We need property tax exemptions for property owners who rent units to long-time tenants, which helps keep people in their homes, preserve communities and avoid displacement. That’s why my office has proposed this idea as the Neighborhood Preservation Exemption to the assessor’s office and plan on advocating for it in Springfield. Currently, exemptions only exist for seniors and people with disabilities and too often don’t provide enough relief.

But we can’t stop there. Illinois needs to fundamentally change the way we fund our schools and other public services like libraries and public safety. As long as the bulk of that revenue comes from property taxes instead of income taxes, we have to look at other ways of creating equity through tools like assessment caps that would prevent such large increases in back-to-back assessment periods.

Bottom line: we can’t let property taxes be another tool of gentrification. That’s not real reform.

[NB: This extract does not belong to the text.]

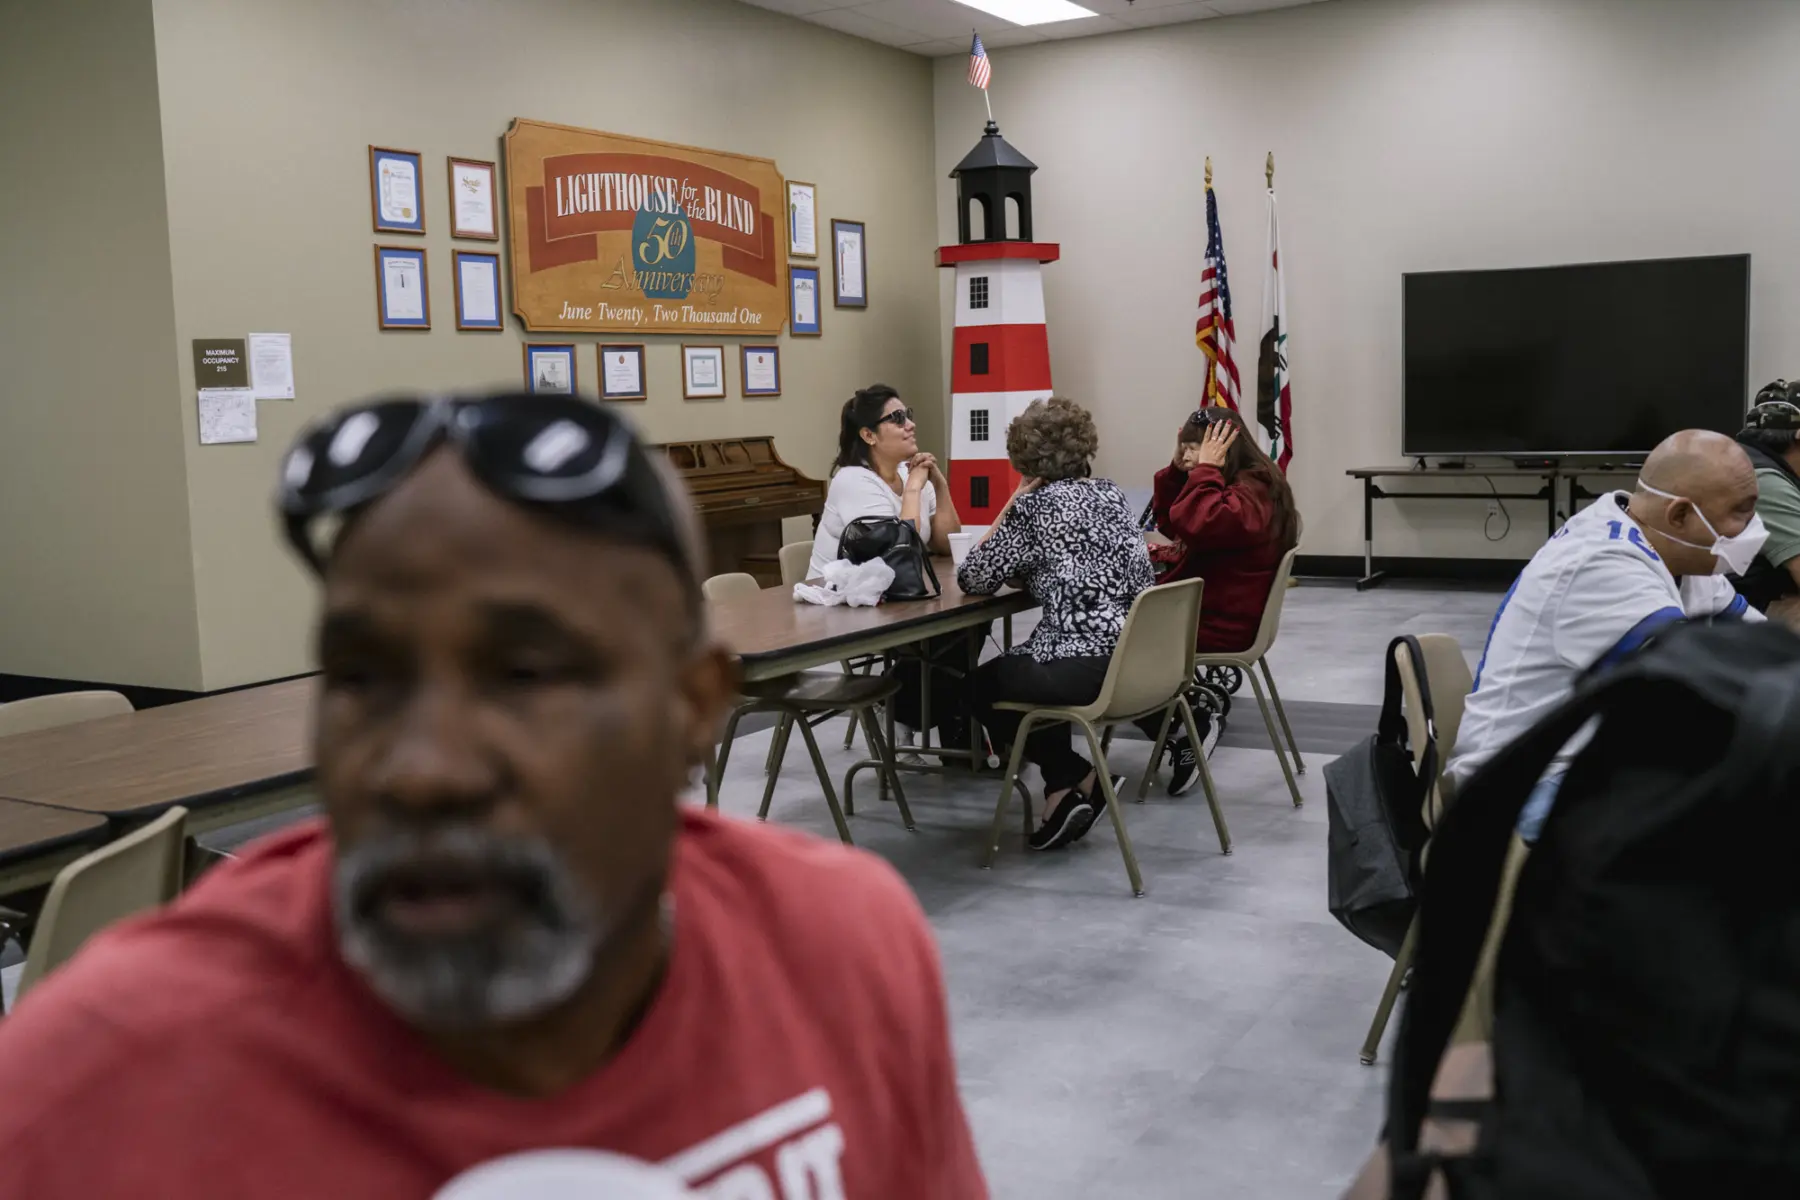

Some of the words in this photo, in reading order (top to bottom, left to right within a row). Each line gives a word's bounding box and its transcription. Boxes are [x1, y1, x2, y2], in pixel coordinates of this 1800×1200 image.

Byron Sigcho-Lopez, 25th Ward alderman

COVID frustrations

Lately we have seen news reports of people who are ingesting ivermectin, a livestock deworming agent, in the belief that it will prevent COVID-19.

I suspect that these folks are desperate and scared and willing to try anything, except for behaviors which are actually effective: getting vaccinated and wearing a mask.

Still, my initial reaction, predictably, was disbelief and frustration. Don’t these people know better? Apparently, they do not.

My next reaction, predictably, was anger and frustration at the opportunistic hucksters who are taking full advantage of these people’s fears by promoting this outrageous and dangerous scam. Don’t these charlatans have any scruples? Apparently, they do not.

Will writing a letter like this make any difference? I suspect it will not.